Minimalists have touched a nerve many of us refuse to call what it is: a long story of greed that stems back far into our national history. The American zeitgeist is no longer, “Go West, young man,” but, “More is Must, young man.” Online retailers and shopping malls and unfilled schedules are to Americans what the wide-open frontiers of the 1850’s Great Plains were to homesteaders. For us, time and possessions and the thrill of wanderlust are a land brimming with potential for grain and cattle, treasures shining under a broad heaven worth travelling hundreds of miles over the horizon to inherit. Yet we know something is wrong.

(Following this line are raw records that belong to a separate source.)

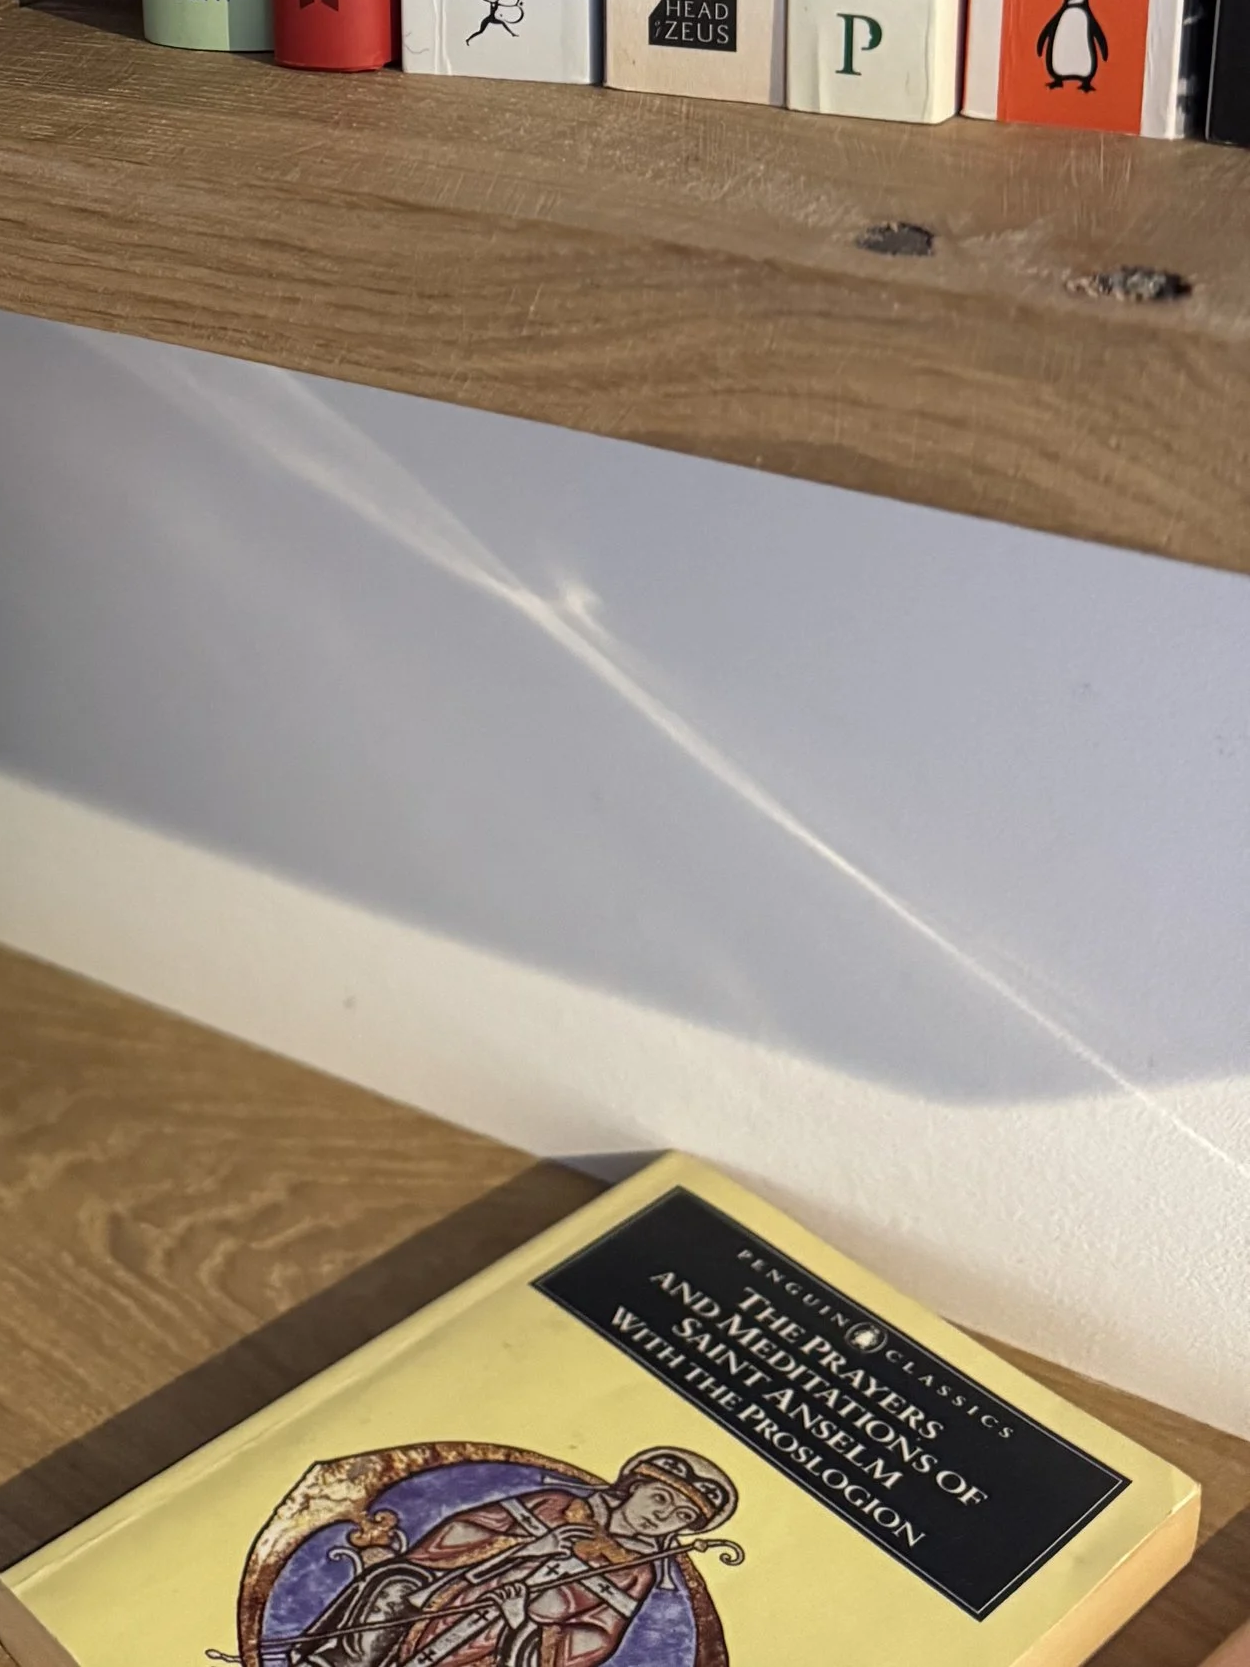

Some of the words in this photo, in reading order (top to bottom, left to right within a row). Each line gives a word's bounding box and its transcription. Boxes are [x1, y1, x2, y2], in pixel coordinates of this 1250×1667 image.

[664, 20, 730, 45] ZEUS
[835, 12, 884, 77] P
[610, 1304, 687, 1370] WITH
[682, 1361, 744, 1412] THE
[736, 1403, 927, 1548] PROSLOGION
[649, 1270, 721, 1319] AND
[717, 1312, 939, 1474] MEDITATIONS
[935, 1469, 989, 1507] OF
[671, 1316, 773, 1388] SAINT
[762, 1387, 904, 1491] ANSELM
[736, 1248, 850, 1328] PENGUIN
[885, 1348, 1014, 1440] CLASSICS
[738, 1286, 807, 1344] THE
[800, 1334, 945, 1440] PRAYERS
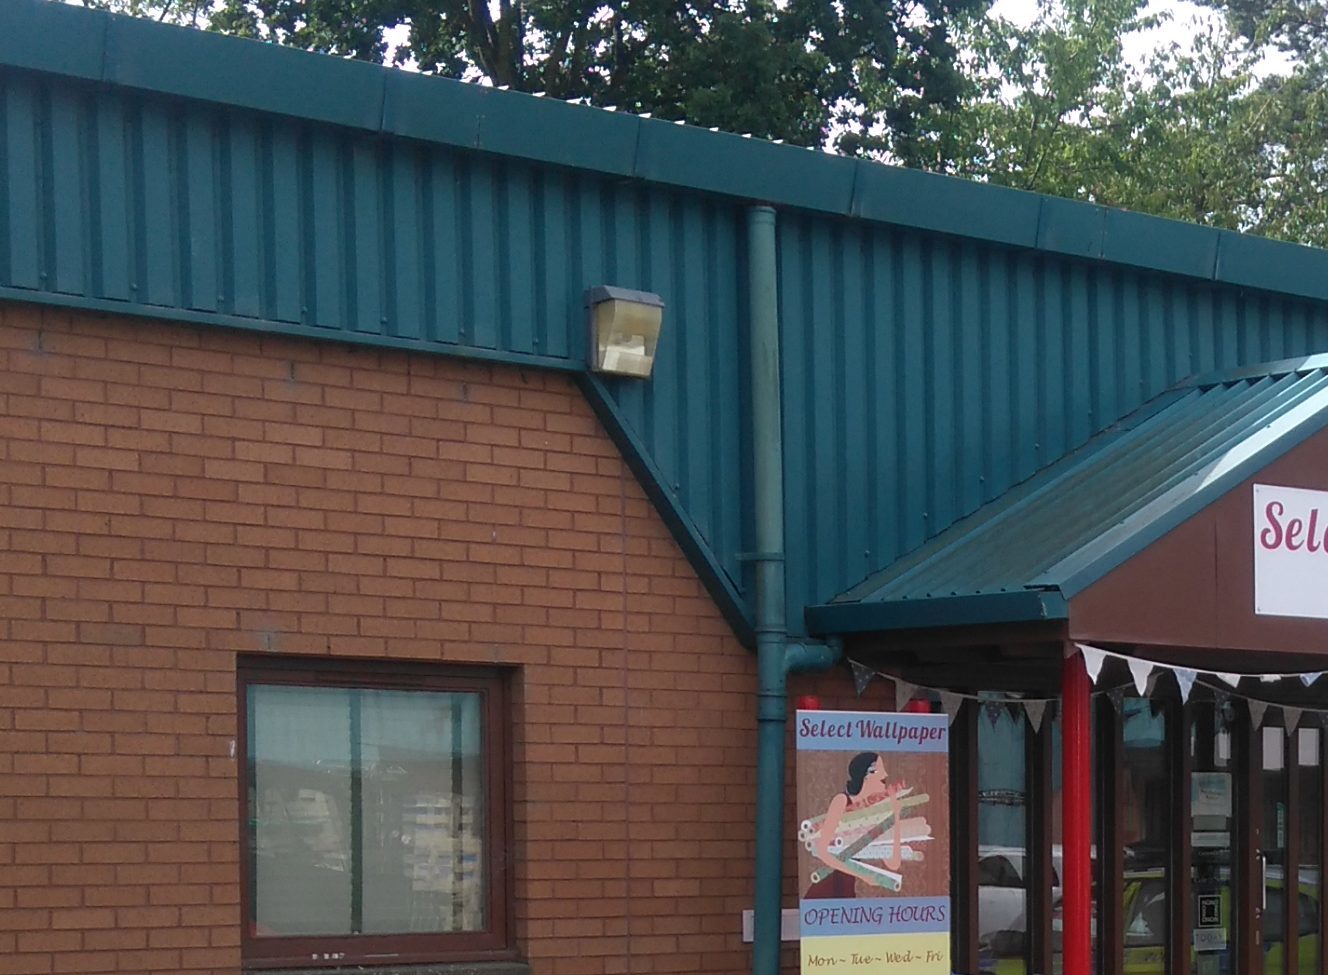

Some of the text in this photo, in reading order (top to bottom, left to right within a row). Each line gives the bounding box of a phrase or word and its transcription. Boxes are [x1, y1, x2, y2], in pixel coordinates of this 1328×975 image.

[800, 718, 946, 744] Select Wallpaper
[804, 904, 946, 926] OPENING HOURS
[808, 954, 837, 967] Mon
[850, 953, 874, 965] Tue
[886, 951, 914, 964] Wed
[926, 950, 944, 963] Fri
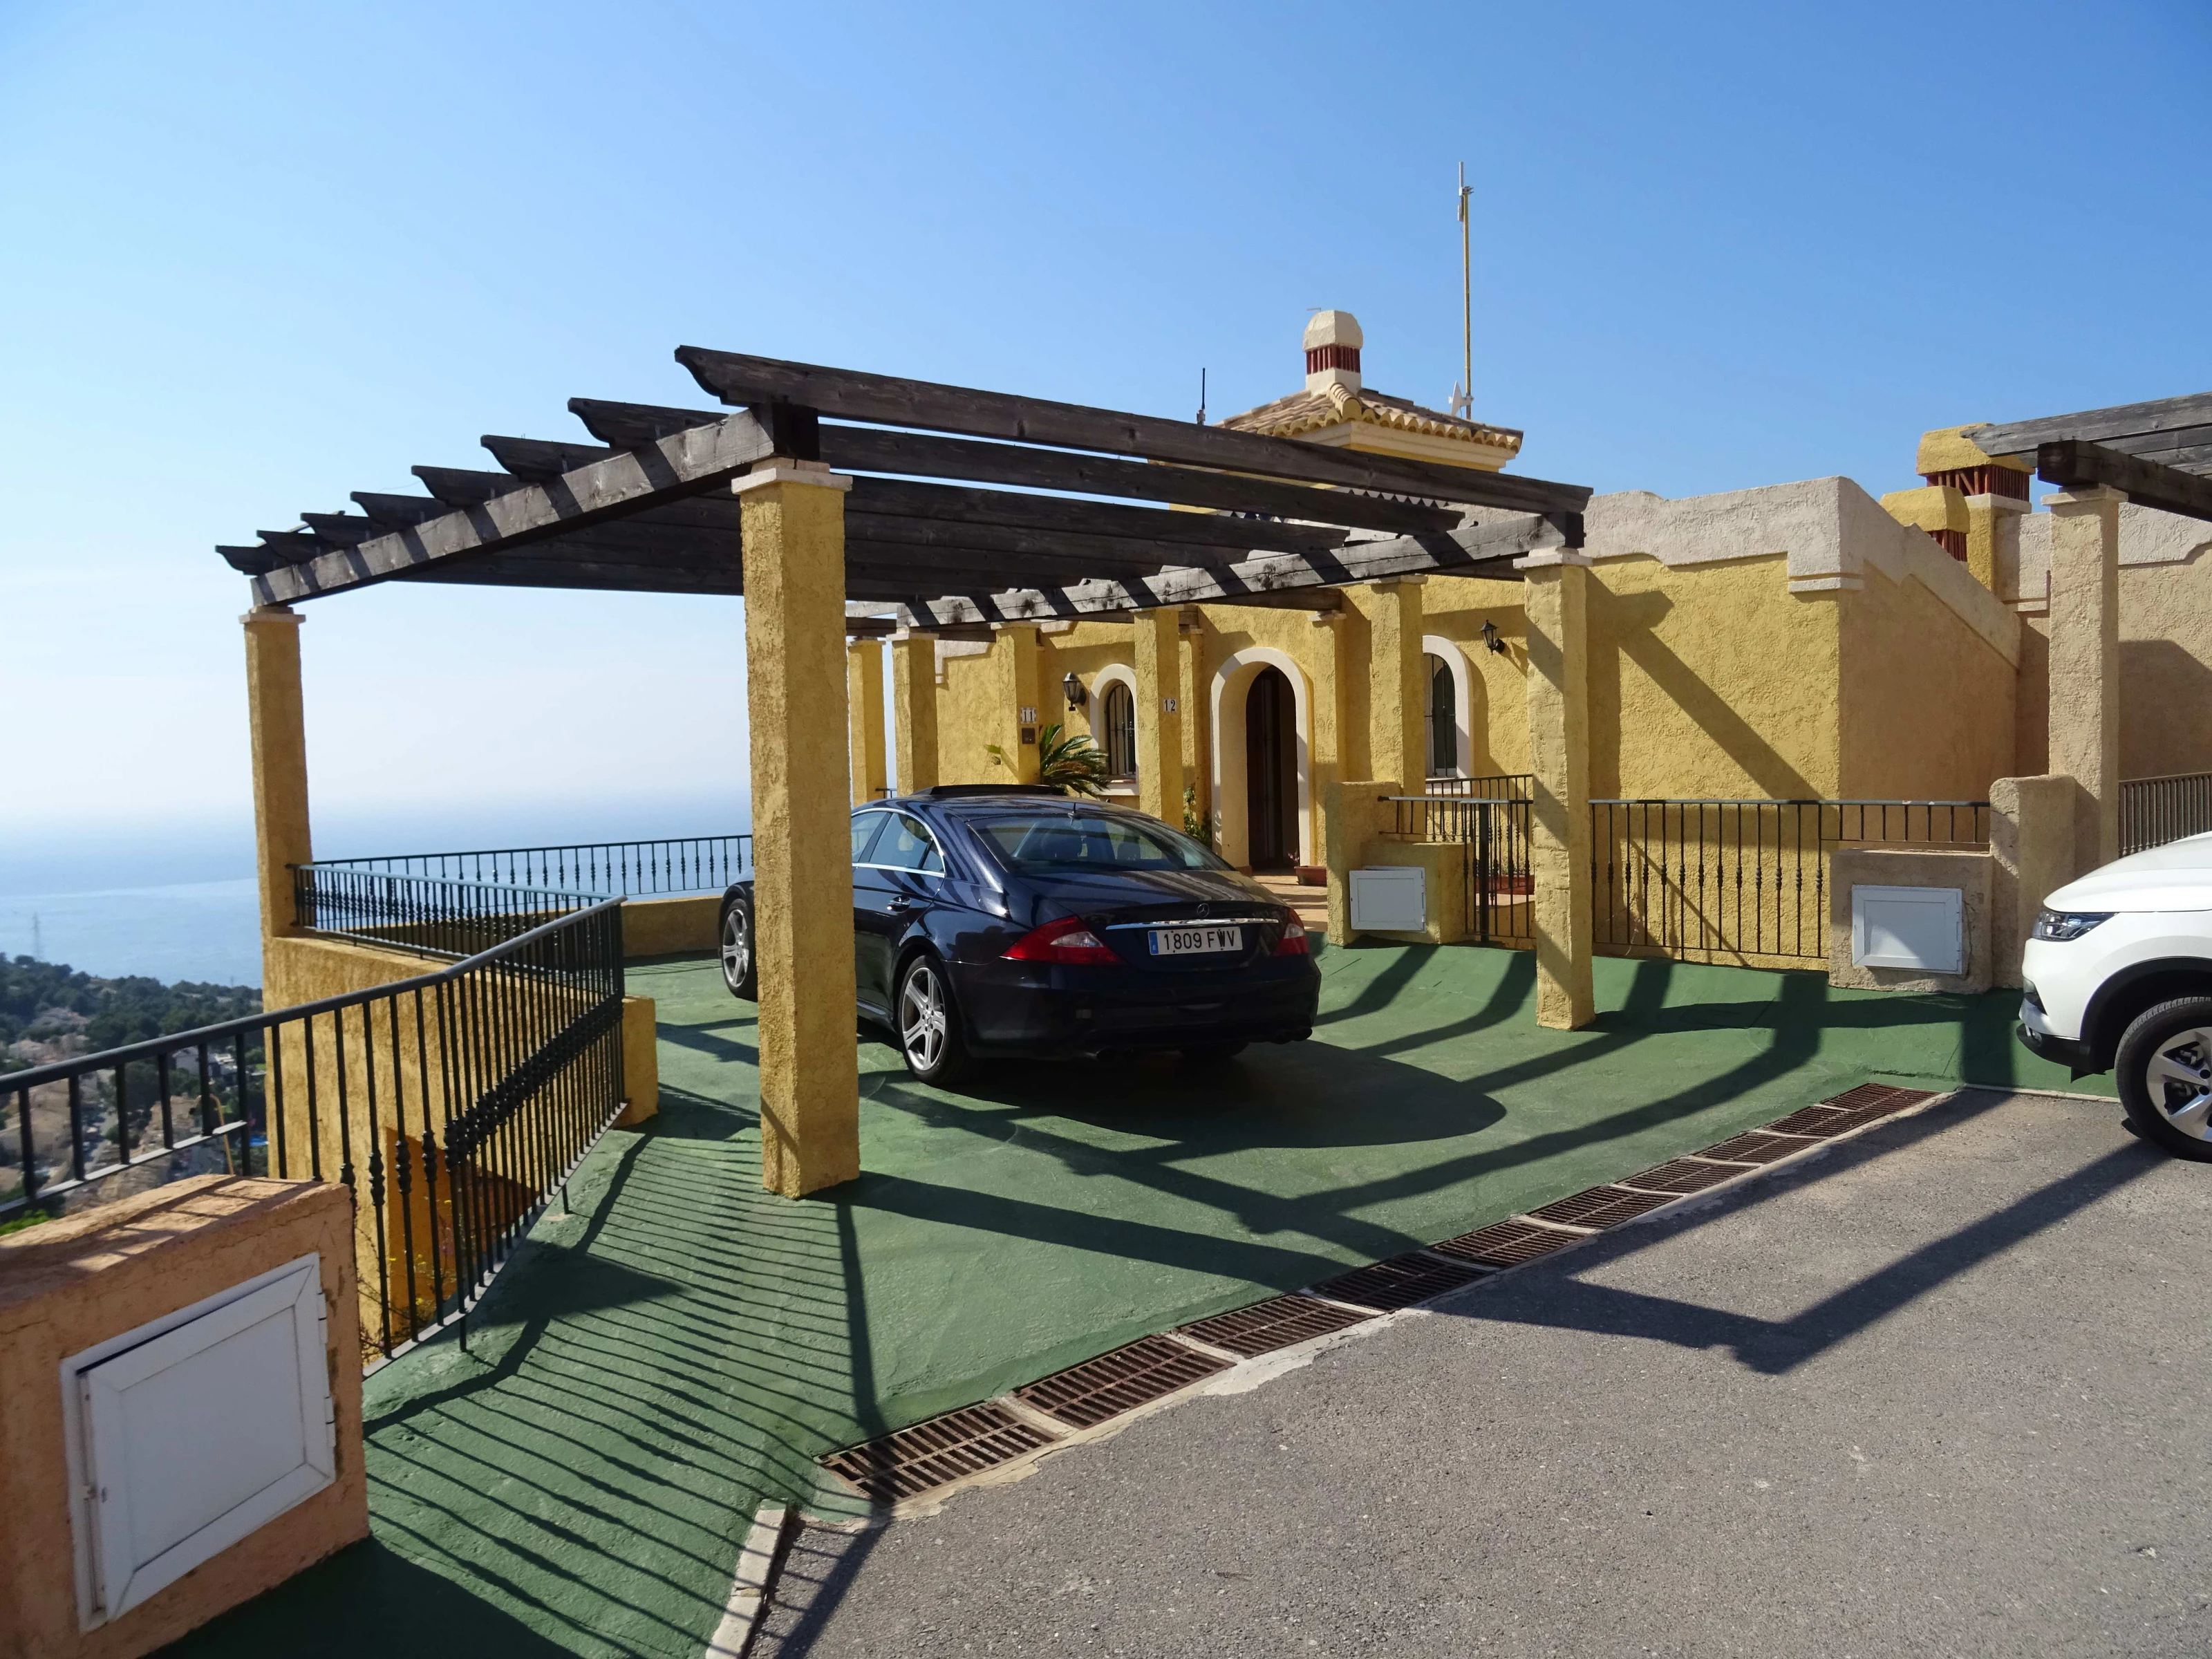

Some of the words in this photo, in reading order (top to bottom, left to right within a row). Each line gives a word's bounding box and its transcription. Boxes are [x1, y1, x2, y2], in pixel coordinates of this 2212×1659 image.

[1165, 700, 1175, 711] 12
[1024, 711, 1033, 722] 11
[1164, 932, 1202, 950] 1809
[1207, 930, 1235, 948] FWV

We know on a gut level that we are out of balance, that we can only acquire so much, and that our time on this earth is short. Therefore, we are anxious. Our shopping habits tell of our inner conflict.
Consider, for instance, receiving in the mailbox a run-of-the-mill “TO HOMEOWNER” shopping catalog—say, from Ikea. Paging through an Ikea furniture booklet is to experience a vision of wealth without the clutter of opulence, of utility wed with elegance: open and balanced spaces, clean lines, smooth surfaces, simple colors, clever design features, a sense of having just enough all function like a sort of anticipatory prayer for a coming glorious city, one that is delightful yet efficient. Purchasing the furniture is but the natural manifestation of one’s devotion to the glossy sixty-five-paged window of promise received in the mail. It doesn’t have to be Swedish furniture either—take your pick: designer clothes, sporting goods, kitchenware, stuff on sale—we know the pattern all too well. Semblances of inner quiet, what I call “impressions of softness,” are more alluring to us than consumerist flair alone. We don’t just want nice stuff anymore, we want nice stuff that emulates an unravelling of consumerism.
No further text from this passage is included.